What to do:
All of the records that follow need to be copied word for word, without the pictures.

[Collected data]
※ ※ ※
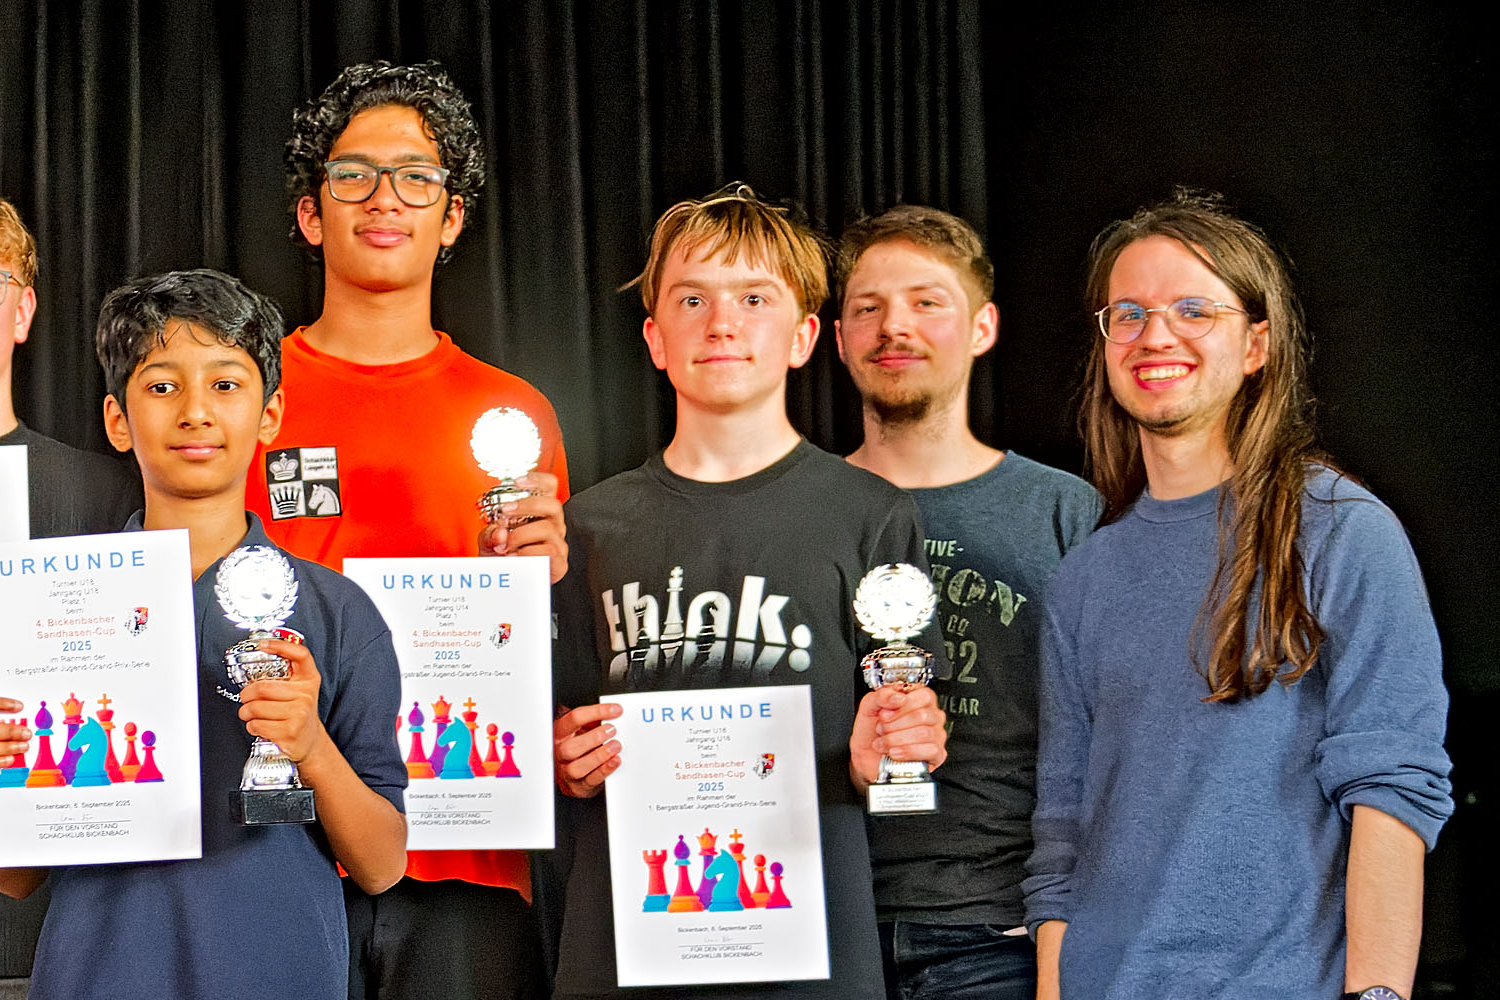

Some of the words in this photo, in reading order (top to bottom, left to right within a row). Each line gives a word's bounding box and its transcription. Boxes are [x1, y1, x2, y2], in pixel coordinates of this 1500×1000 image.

[924, 539, 964, 557] TIVE-
[0, 549, 146, 576] URKUNDE
[383, 572, 510, 590] URKUNDE
[35, 619, 44, 628] 4.
[47, 613, 115, 627] Bickenbacher
[35, 626, 116, 641] Sandhasen-Cup
[422, 628, 482, 637] Bickenbacher
[61, 639, 92, 652] 2025
[412, 639, 482, 649] Sandhasen-Cup
[434, 650, 461, 660] 2025
[642, 702, 771, 723] URKUNDE
[674, 762, 682, 770] 4.
[684, 758, 745, 769] Bickenbacher
[674, 769, 745, 781] Sandhasen-Cup
[697, 781, 725, 792] 2025
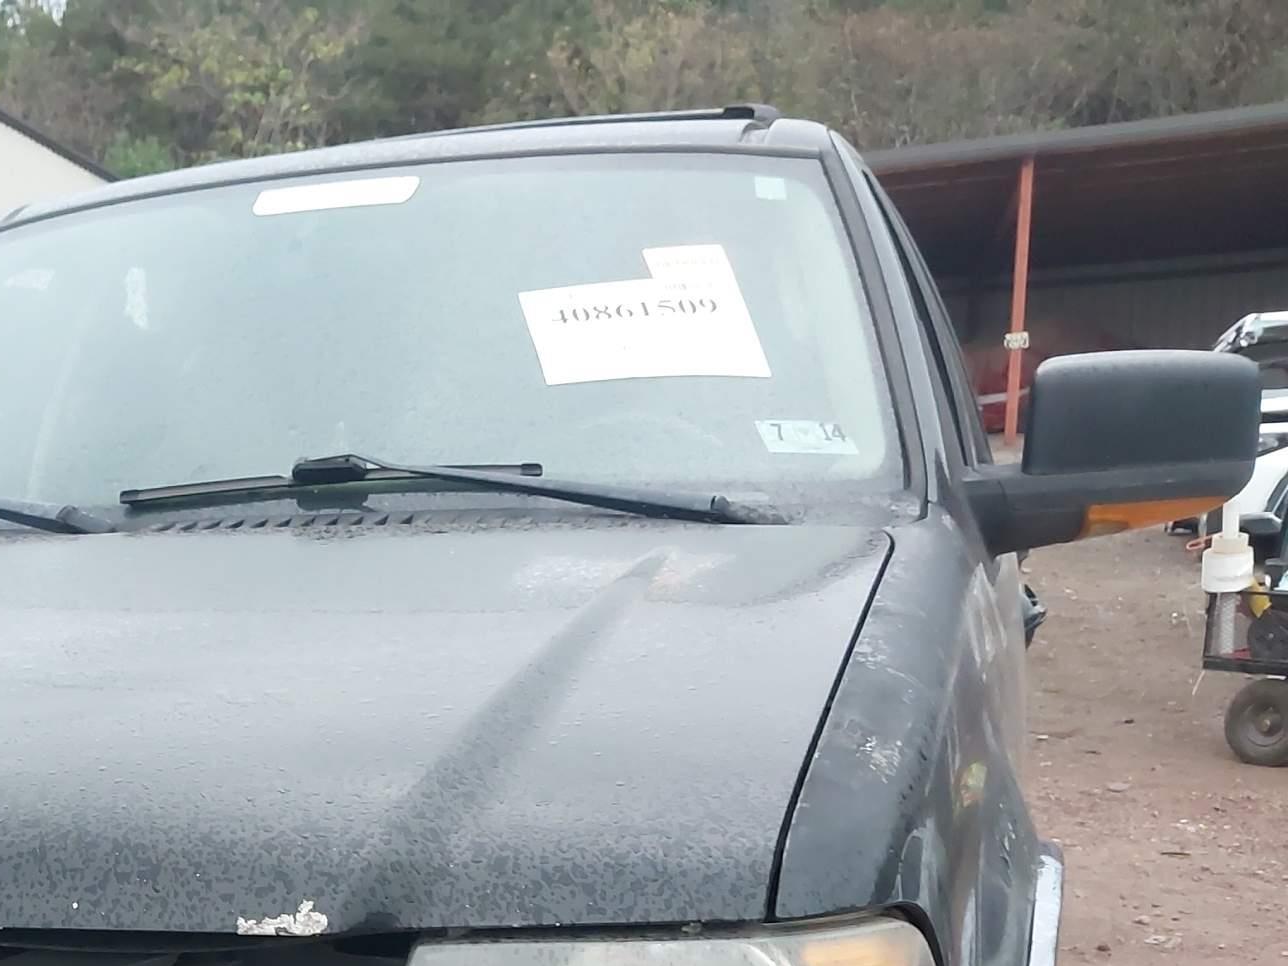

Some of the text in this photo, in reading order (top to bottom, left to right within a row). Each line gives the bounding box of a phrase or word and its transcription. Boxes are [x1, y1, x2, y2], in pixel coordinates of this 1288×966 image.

[550, 297, 719, 325] 40861509
[769, 421, 847, 443] 7 14
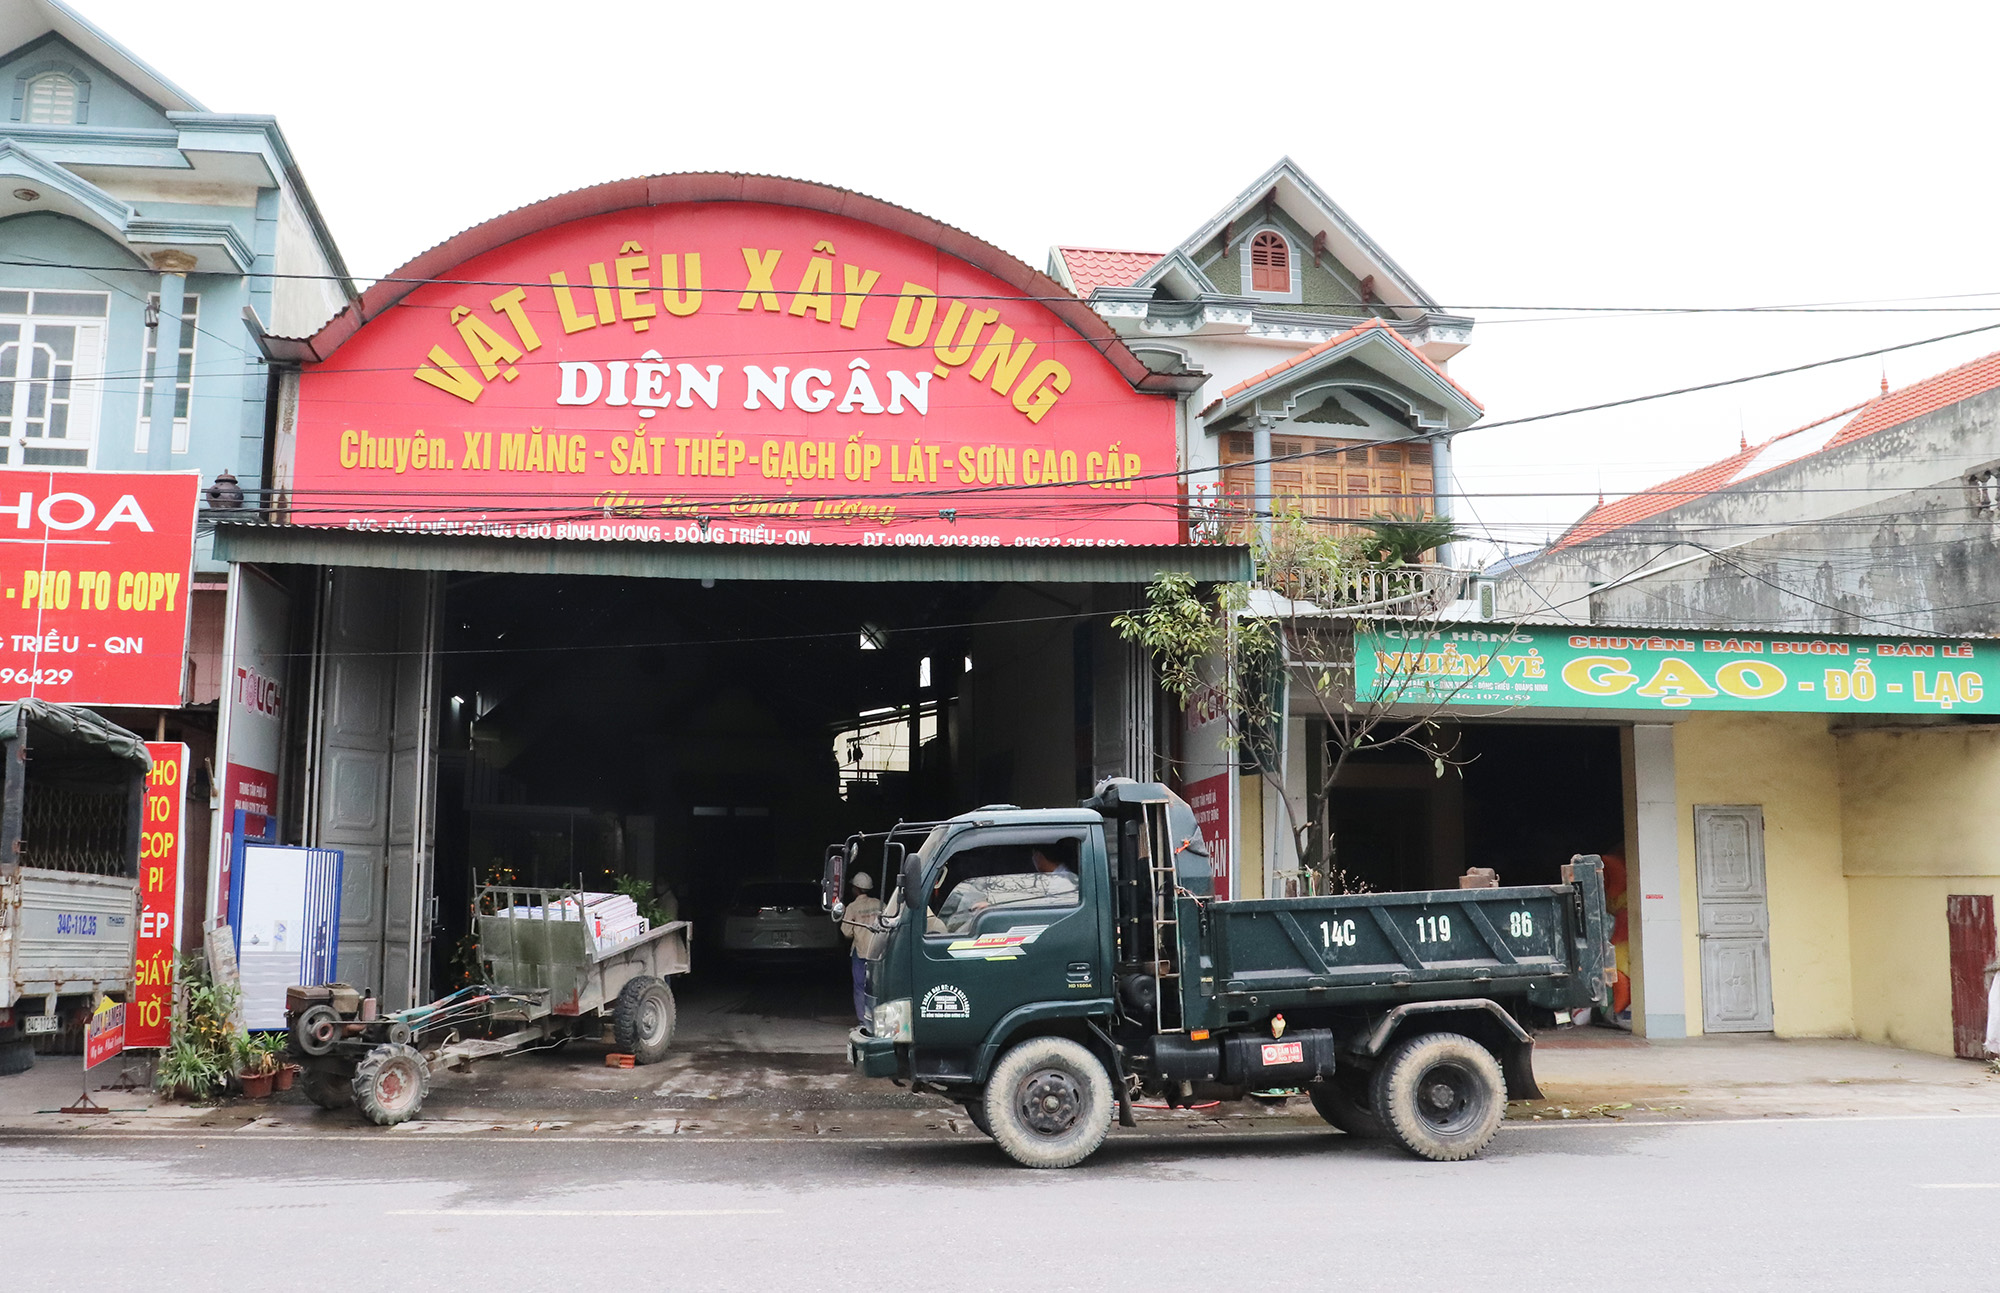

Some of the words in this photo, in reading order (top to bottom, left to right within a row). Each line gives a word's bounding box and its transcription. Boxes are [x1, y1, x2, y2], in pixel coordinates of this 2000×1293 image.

[413, 305, 542, 403] VẬT
[549, 240, 702, 334] LIỆU
[737, 240, 881, 329] XÂY
[887, 281, 1072, 424] DỰNG
[556, 349, 723, 418] DIỆN
[742, 357, 933, 416] NGÂN
[461, 432, 492, 470] XI
[499, 426, 586, 473] MĂNG
[610, 423, 666, 474] SẮT
[844, 431, 882, 481] ỐP
[1022, 449, 1078, 488] CAO
[1086, 441, 1141, 490] CẤP
[22, 570, 71, 609] PHO
[78, 571, 111, 610] TO
[117, 571, 180, 611] COPY
[11, 629, 79, 653] TRIỀU
[104, 636, 143, 654] QN
[1567, 635, 1695, 652] CHUYÊN:
[1703, 637, 1764, 654] BÁN
[1771, 638, 1851, 656] BUÔN
[1876, 641, 1936, 658] BÁN
[1942, 641, 1974, 659] LẺ
[1497, 648, 1546, 679] VẺ
[1561, 656, 1788, 706] GẠO
[1823, 658, 1877, 702] ĐỖ
[1912, 670, 1983, 708] LẠC
[145, 760, 177, 785] HO
[149, 796, 170, 822] TO
[141, 832, 174, 858] COP
[148, 867, 163, 892] PI
[140, 905, 169, 938] ÉP
[1320, 919, 1356, 947] 14C
[1416, 915, 1451, 943] 119
[1510, 911, 1533, 938] 86
[136, 950, 172, 986] GIẤY
[138, 993, 161, 1027] TỜ
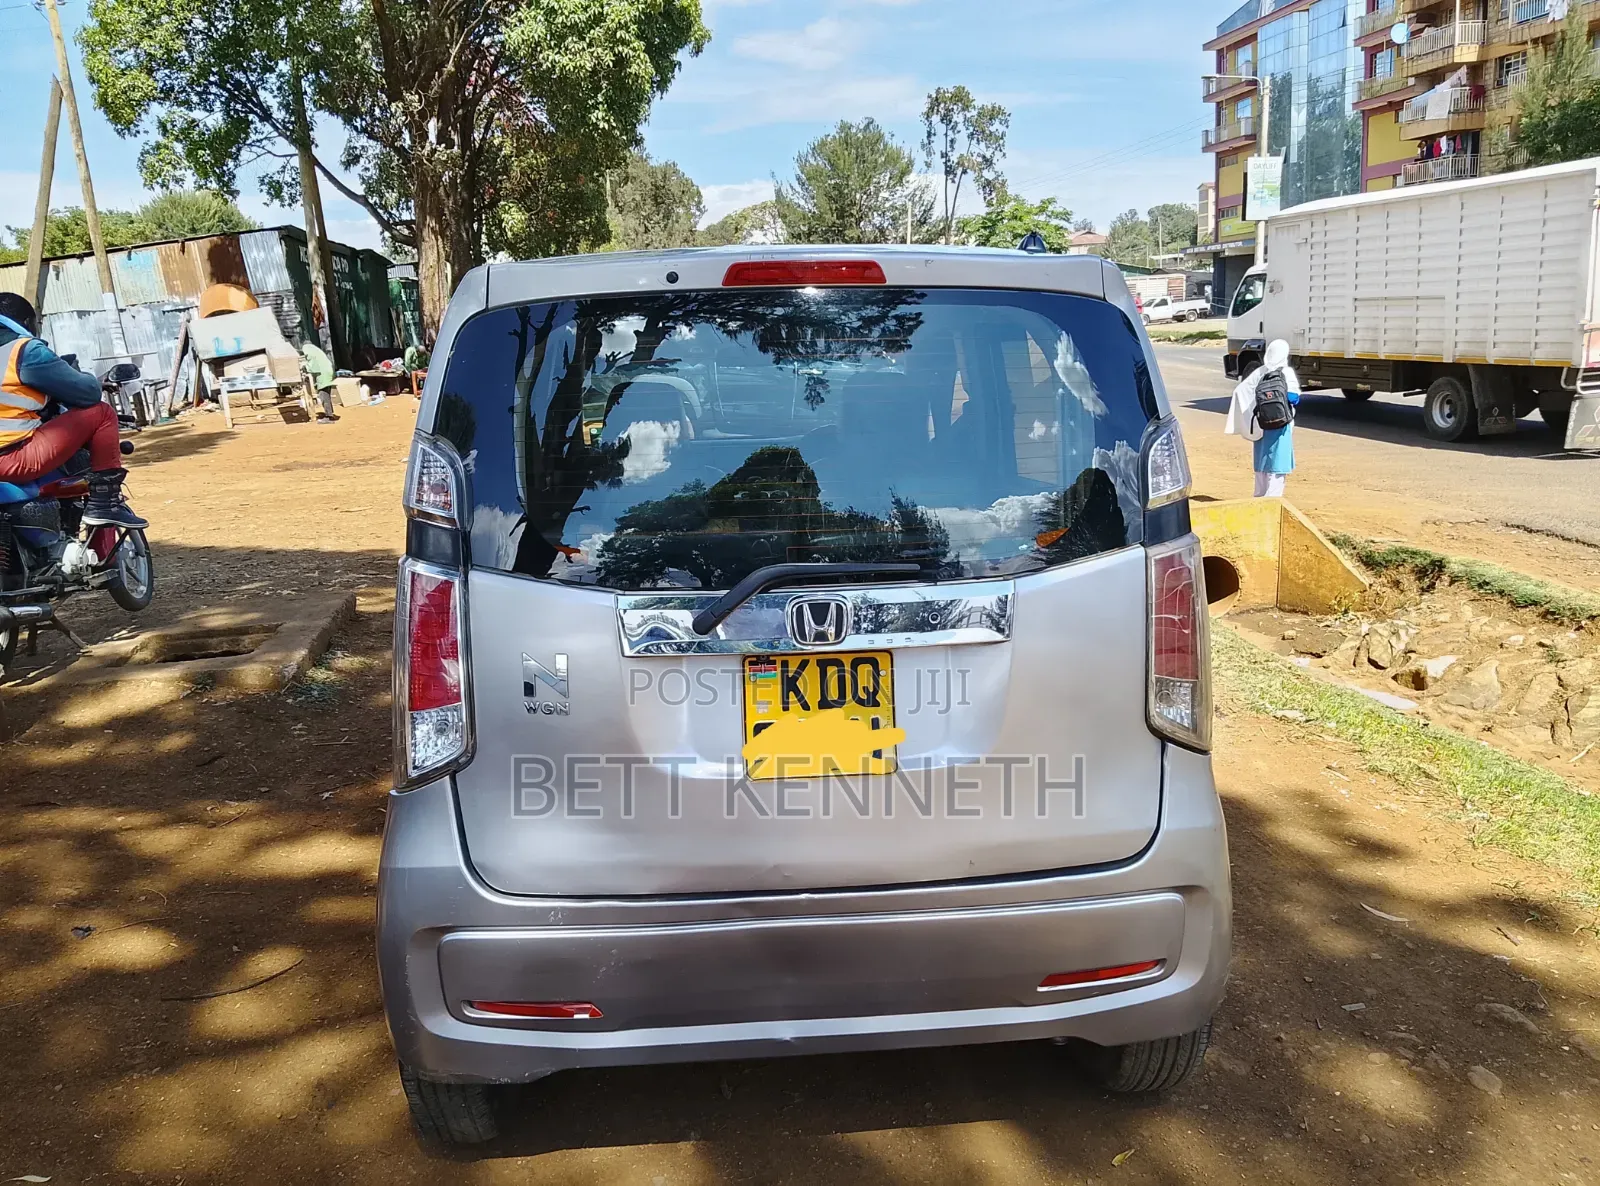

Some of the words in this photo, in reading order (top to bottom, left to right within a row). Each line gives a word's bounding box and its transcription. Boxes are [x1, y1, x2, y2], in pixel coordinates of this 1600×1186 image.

[522, 652, 570, 699] N
[781, 657, 881, 712] KDQ
[523, 701, 570, 716] WGN
※ ※ ※
Solution:
Some of the words in this photo, in reading order (top to bottom, left to right within a row). Each line gives a word's bounding box and its transcription. Boxes are [x1, y1, x2, y2], in pixel coordinates of this 1500×1000 image.

[924, 539, 964, 557] TIVE-
[0, 549, 146, 576] URKUNDE
[383, 572, 510, 590] URKUNDE
[35, 619, 44, 628] 4.
[47, 613, 115, 627] Bickenbacher
[35, 626, 116, 641] Sandhasen-Cup
[422, 628, 482, 637] Bickenbacher
[61, 639, 92, 652] 2025
[412, 639, 482, 649] Sandhasen-Cup
[434, 650, 461, 660] 2025
[642, 702, 771, 723] URKUNDE
[674, 762, 682, 770] 4.
[684, 758, 745, 769] Bickenbacher
[674, 769, 745, 781] Sandhasen-Cup
[697, 781, 725, 792] 2025

Some of the text in this photo, in reading order (top to bottom, left to right within a row). Each line gives the bounding box of a phrase or word and its transcription. Boxes are [x1, y1, x2, y2], in pixel coordinates of this 1288×966 image.

[550, 297, 719, 325] 40861509
[769, 421, 847, 443] 7 14

Some of the words in this photo, in reading order (top to bottom, left to right within a row). Each line gives a word's bounding box and its transcription. Boxes are [x1, y1, x2, y2], in pixel coordinates of this 2000×1293 image.

[413, 305, 542, 403] VẬT
[549, 240, 702, 334] LIỆU
[737, 240, 881, 329] XÂY
[887, 281, 1072, 424] DỰNG
[556, 349, 723, 418] DIỆN
[742, 357, 933, 416] NGÂN
[461, 432, 492, 470] XI
[499, 426, 586, 473] MĂNG
[610, 423, 666, 474] SẮT
[844, 431, 882, 481] ỐP
[1022, 449, 1078, 488] CAO
[1086, 441, 1141, 490] CẤP
[22, 570, 71, 609] PHO
[78, 571, 111, 610] TO
[117, 571, 180, 611] COPY
[11, 629, 79, 653] TRIỀU
[104, 636, 143, 654] QN
[1567, 635, 1695, 652] CHUYÊN:
[1703, 637, 1764, 654] BÁN
[1771, 638, 1851, 656] BUÔN
[1876, 641, 1936, 658] BÁN
[1942, 641, 1974, 659] LẺ
[1497, 648, 1546, 679] VẺ
[1561, 656, 1788, 706] GẠO
[1823, 658, 1877, 702] ĐỖ
[1912, 670, 1983, 708] LẠC
[145, 760, 177, 785] HO
[149, 796, 170, 822] TO
[141, 832, 174, 858] COP
[148, 867, 163, 892] PI
[140, 905, 169, 938] ÉP
[1320, 919, 1356, 947] 14C
[1416, 915, 1451, 943] 119
[1510, 911, 1533, 938] 86
[136, 950, 172, 986] GIẤY
[138, 993, 161, 1027] TỜ

Some of the words in this photo, in reading order (top to bottom, left to right within a row). Each line gives a word's bounding box and its transcription. Boxes are [x1, y1, x2, y2], in pixel coordinates of this 1600×1186 image.

[522, 652, 570, 699] N
[781, 657, 881, 712] KDQ
[523, 701, 570, 716] WGN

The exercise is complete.